[Saved entries]
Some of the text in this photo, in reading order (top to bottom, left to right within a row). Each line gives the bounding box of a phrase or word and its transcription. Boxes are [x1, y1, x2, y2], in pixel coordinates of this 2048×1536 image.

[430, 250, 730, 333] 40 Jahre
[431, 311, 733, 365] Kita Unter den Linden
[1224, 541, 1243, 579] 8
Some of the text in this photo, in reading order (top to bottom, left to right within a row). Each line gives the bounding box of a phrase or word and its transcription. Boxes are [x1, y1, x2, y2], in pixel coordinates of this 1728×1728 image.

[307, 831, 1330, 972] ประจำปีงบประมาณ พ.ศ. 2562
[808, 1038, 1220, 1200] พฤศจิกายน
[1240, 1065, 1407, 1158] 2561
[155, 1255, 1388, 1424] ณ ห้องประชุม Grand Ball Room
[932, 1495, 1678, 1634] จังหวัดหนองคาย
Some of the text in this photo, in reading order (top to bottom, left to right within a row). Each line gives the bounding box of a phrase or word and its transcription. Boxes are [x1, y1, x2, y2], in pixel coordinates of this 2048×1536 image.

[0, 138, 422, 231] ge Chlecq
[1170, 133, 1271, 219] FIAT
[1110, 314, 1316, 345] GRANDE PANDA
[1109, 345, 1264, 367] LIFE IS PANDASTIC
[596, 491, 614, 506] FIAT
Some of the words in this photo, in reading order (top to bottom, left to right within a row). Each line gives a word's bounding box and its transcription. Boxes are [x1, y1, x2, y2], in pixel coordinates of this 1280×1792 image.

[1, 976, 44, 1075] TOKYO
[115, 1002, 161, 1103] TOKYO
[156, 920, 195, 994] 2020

**Description of the task**
The required answer is the line with "Some of the words" plus every line after it to the end of the entries above, transcribed exactly.

**Answer to the exercise**
Some of the words in this photo, in reading order (top to bottom, left to right within a row). Each line gives a word's bounding box and its transcription. Boxes are [x1, y1, x2, y2], in pixel coordinates of this 1280×1792 image.

[1, 976, 44, 1075] TOKYO
[115, 1002, 161, 1103] TOKYO
[156, 920, 195, 994] 2020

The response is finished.